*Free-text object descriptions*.
────
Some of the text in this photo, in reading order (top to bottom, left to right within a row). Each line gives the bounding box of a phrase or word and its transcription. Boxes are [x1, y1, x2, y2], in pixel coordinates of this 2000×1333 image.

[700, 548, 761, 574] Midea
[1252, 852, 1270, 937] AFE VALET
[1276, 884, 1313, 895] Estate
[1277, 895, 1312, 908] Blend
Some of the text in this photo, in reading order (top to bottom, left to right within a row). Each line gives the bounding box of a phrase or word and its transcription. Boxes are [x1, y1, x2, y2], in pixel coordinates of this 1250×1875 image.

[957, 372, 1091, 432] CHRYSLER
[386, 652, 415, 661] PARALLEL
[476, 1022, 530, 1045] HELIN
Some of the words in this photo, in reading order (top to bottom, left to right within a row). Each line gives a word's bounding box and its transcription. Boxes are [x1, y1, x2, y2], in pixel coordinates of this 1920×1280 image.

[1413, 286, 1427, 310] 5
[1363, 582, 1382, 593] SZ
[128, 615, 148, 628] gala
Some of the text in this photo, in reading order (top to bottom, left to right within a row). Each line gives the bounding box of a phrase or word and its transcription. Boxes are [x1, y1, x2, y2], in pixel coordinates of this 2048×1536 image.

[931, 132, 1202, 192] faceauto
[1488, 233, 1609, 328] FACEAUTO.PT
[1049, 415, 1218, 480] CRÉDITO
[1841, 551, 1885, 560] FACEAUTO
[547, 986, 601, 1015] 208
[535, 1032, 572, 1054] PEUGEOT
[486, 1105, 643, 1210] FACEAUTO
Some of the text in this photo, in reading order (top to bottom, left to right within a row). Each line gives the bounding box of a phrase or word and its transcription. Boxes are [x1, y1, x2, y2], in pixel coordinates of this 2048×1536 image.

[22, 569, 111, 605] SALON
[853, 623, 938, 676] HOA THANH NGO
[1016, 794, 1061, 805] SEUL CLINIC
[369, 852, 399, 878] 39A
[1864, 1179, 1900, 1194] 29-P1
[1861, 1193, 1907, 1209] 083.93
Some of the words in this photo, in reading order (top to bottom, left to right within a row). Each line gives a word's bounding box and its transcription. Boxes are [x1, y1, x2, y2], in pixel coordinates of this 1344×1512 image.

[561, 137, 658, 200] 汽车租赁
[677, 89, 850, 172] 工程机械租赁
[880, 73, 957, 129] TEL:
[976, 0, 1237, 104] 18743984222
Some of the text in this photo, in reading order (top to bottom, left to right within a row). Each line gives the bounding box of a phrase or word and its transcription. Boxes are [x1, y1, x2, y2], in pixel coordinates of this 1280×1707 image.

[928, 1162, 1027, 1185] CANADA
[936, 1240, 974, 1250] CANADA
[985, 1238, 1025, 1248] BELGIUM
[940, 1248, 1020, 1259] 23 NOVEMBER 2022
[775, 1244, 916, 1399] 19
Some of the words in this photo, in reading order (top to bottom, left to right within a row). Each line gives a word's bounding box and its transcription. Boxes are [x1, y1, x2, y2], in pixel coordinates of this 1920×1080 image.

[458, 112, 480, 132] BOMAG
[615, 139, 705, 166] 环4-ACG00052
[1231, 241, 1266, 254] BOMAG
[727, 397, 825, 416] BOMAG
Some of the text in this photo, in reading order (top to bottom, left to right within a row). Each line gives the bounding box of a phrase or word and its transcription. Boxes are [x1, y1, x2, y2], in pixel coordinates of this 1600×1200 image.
────
Print all of the records, leaving each one exactly as it appears above.

*Answer below*.
Some of the text in this photo, in reading order (top to bottom, left to right within a row). Each line gives the bounding box of a phrase or word and its transcription. Boxes are [x1, y1, x2, y2], in pixel coordinates of this 2000×1333 image.

[700, 548, 761, 574] Midea
[1252, 852, 1270, 937] AFE VALET
[1276, 884, 1313, 895] Estate
[1277, 895, 1312, 908] Blend
Some of the text in this photo, in reading order (top to bottom, left to right within a row). Each line gives the bounding box of a phrase or word and its transcription. Boxes are [x1, y1, x2, y2], in pixel coordinates of this 1250×1875 image.

[957, 372, 1091, 432] CHRYSLER
[386, 652, 415, 661] PARALLEL
[476, 1022, 530, 1045] HELIN
Some of the words in this photo, in reading order (top to bottom, left to right within a row). Each line gives a word's bounding box and its transcription. Boxes are [x1, y1, x2, y2], in pixel coordinates of this 1920×1280 image.

[1413, 286, 1427, 310] 5
[1363, 582, 1382, 593] SZ
[128, 615, 148, 628] gala
Some of the text in this photo, in reading order (top to bottom, left to right within a row). Each line gives the bounding box of a phrase or word and its transcription. Boxes are [x1, y1, x2, y2], in pixel coordinates of this 2048×1536 image.

[931, 132, 1202, 192] faceauto
[1488, 233, 1609, 328] FACEAUTO.PT
[1049, 415, 1218, 480] CRÉDITO
[1841, 551, 1885, 560] FACEAUTO
[547, 986, 601, 1015] 208
[535, 1032, 572, 1054] PEUGEOT
[486, 1105, 643, 1210] FACEAUTO
Some of the text in this photo, in reading order (top to bottom, left to right within a row). Each line gives the bounding box of a phrase or word and its transcription. Boxes are [x1, y1, x2, y2], in pixel coordinates of this 2048×1536 image.

[22, 569, 111, 605] SALON
[853, 623, 938, 676] HOA THANH NGO
[1016, 794, 1061, 805] SEUL CLINIC
[369, 852, 399, 878] 39A
[1864, 1179, 1900, 1194] 29-P1
[1861, 1193, 1907, 1209] 083.93
Some of the words in this photo, in reading order (top to bottom, left to right within a row). Each line gives a word's bounding box and its transcription. Boxes are [x1, y1, x2, y2], in pixel coordinates of this 1344×1512 image.

[561, 137, 658, 200] 汽车租赁
[677, 89, 850, 172] 工程机械租赁
[880, 73, 957, 129] TEL:
[976, 0, 1237, 104] 18743984222
Some of the text in this photo, in reading order (top to bottom, left to right within a row). Each line gives the bounding box of a phrase or word and its transcription. Boxes are [x1, y1, x2, y2], in pixel coordinates of this 1280×1707 image.

[928, 1162, 1027, 1185] CANADA
[936, 1240, 974, 1250] CANADA
[985, 1238, 1025, 1248] BELGIUM
[940, 1248, 1020, 1259] 23 NOVEMBER 2022
[775, 1244, 916, 1399] 19
Some of the words in this photo, in reading order (top to bottom, left to right within a row). Each line gives a word's bounding box and its transcription. Boxes are [x1, y1, x2, y2], in pixel coordinates of this 1920×1080 image.

[458, 112, 480, 132] BOMAG
[615, 139, 705, 166] 环4-ACG00052
[1231, 241, 1266, 254] BOMAG
[727, 397, 825, 416] BOMAG
Some of the text in this photo, in reading order (top to bottom, left to right within a row). Each line gives the bounding box of a phrase or word and its transcription. Boxes are [x1, y1, x2, y2], in pixel coordinates of this 1600×1200 image.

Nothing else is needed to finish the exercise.